Items from a data source

==================================================

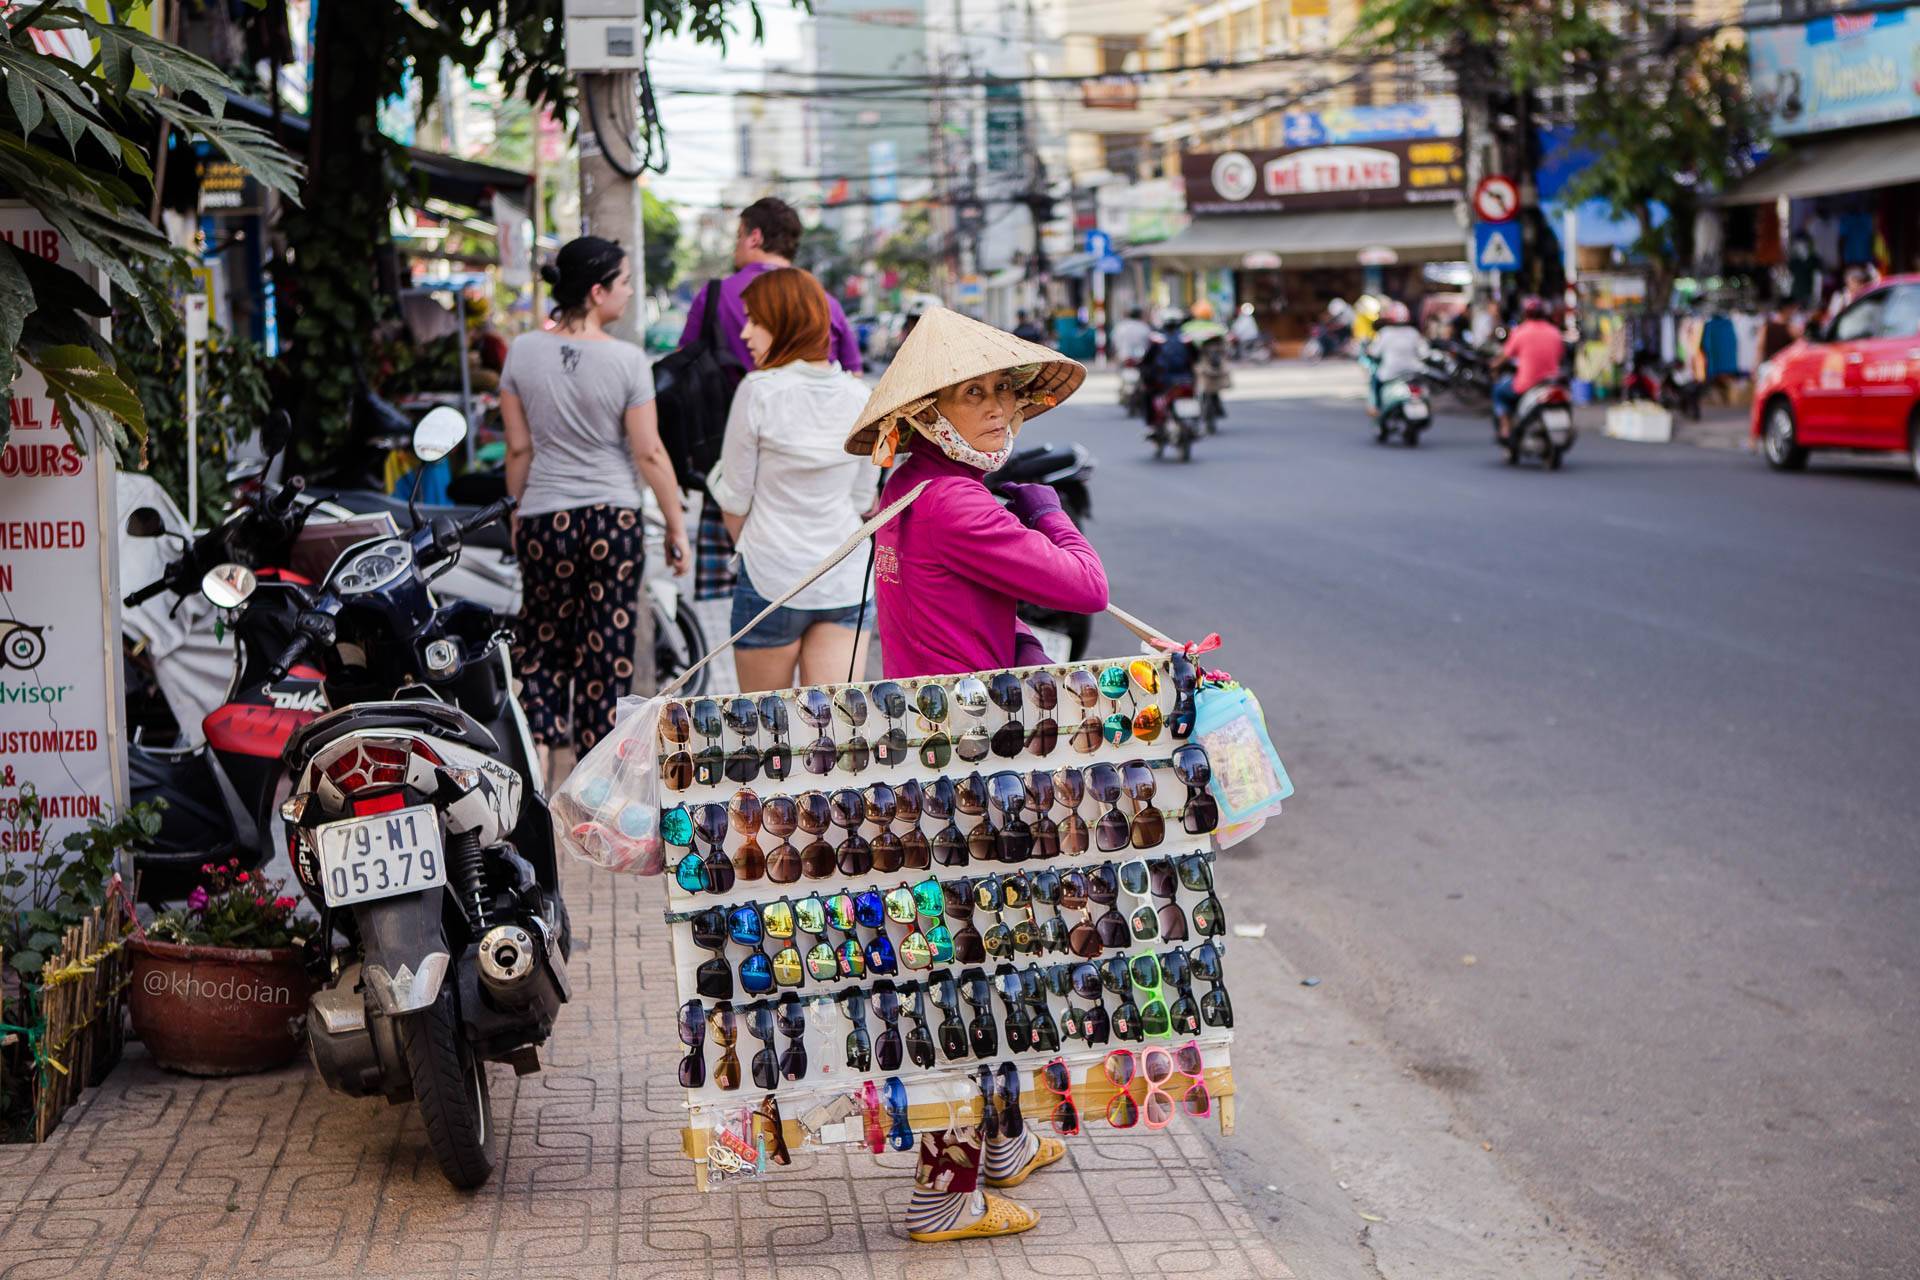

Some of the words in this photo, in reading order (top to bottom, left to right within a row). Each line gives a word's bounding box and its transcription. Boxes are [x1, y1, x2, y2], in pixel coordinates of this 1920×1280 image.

[4, 764, 16, 787] &
[0, 796, 100, 820] FOMATION
[338, 815, 418, 861] 79-N1
[331, 849, 437, 898] 053.79
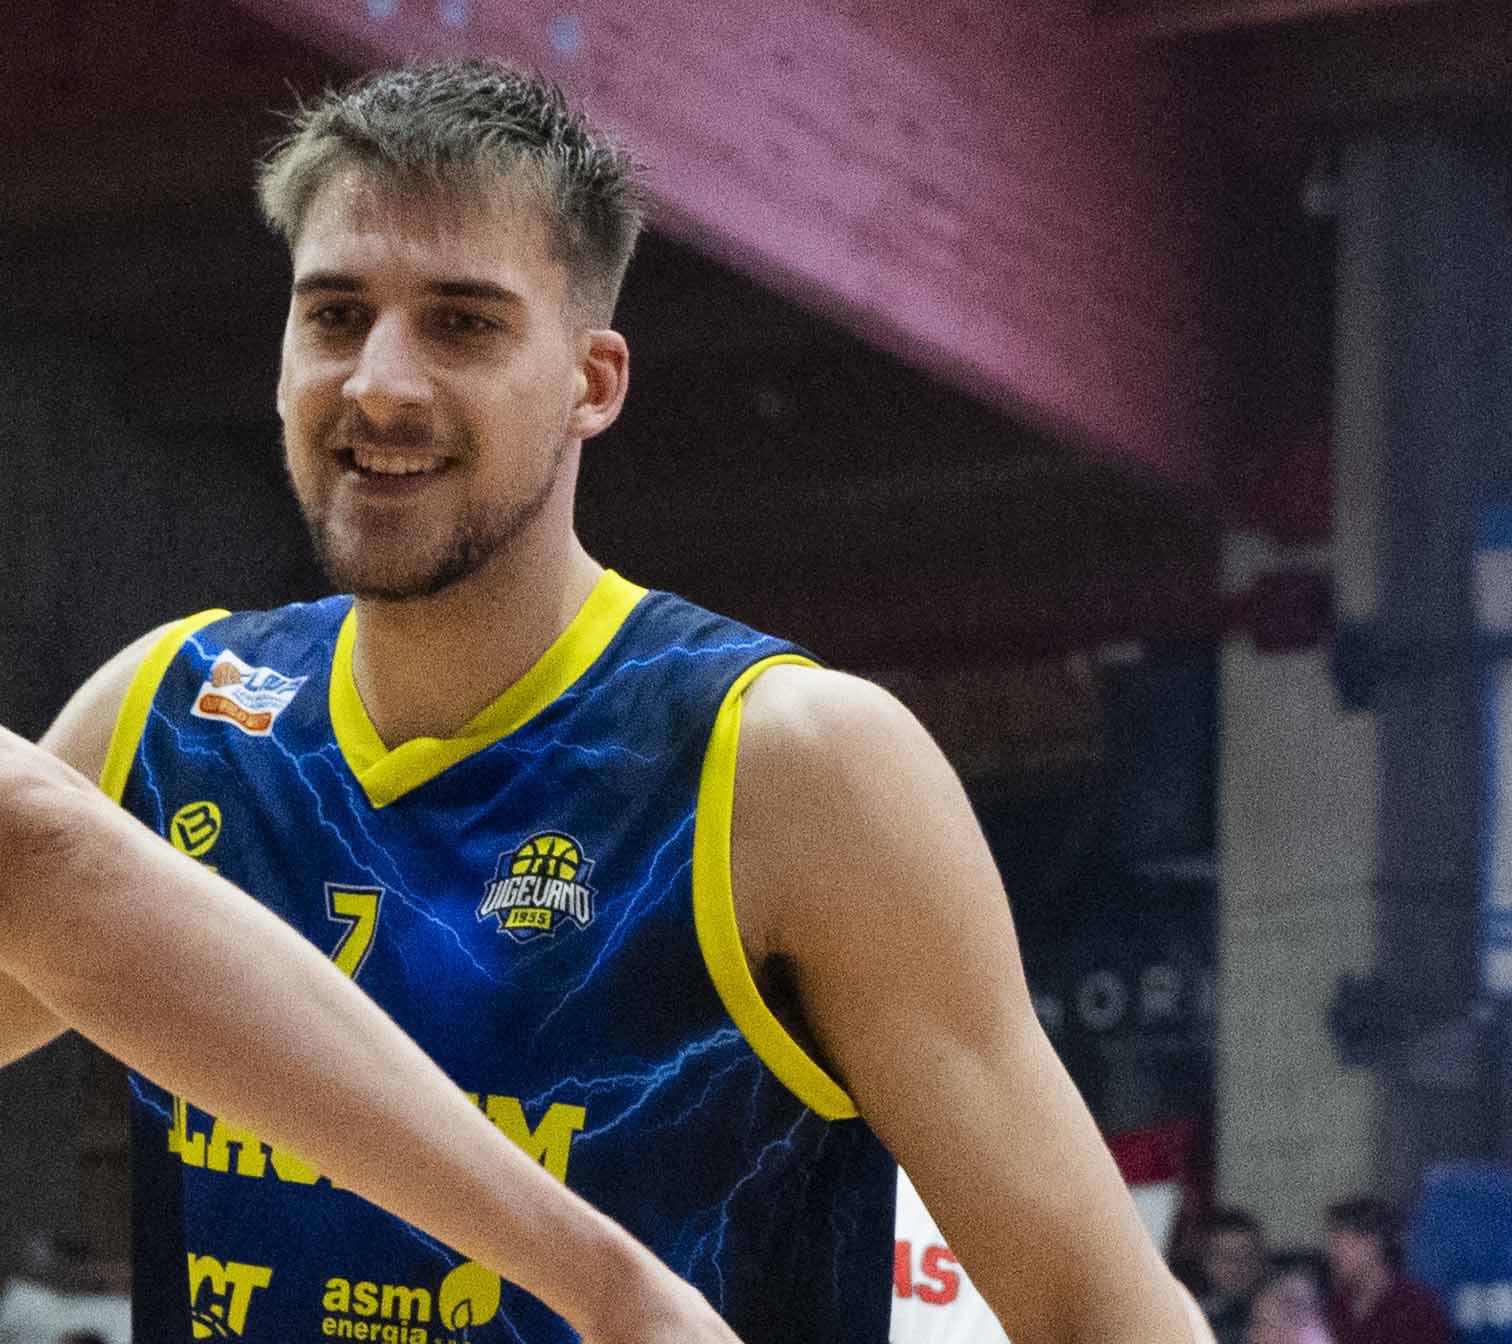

==================================================

**What to do**
Without including any picture, repeat the data exactly.

**Task result**
Some of the words in this photo, in reading order (top to bottom, left to right within a row). Each line gives a word's bounding box and its transcription. Boxes are [x1, y1, x2, y2], in pixel coordinates of this 1920×1280 image.

[4, 764, 16, 787] &
[0, 796, 100, 820] FOMATION
[338, 815, 418, 861] 79-N1
[331, 849, 437, 898] 053.79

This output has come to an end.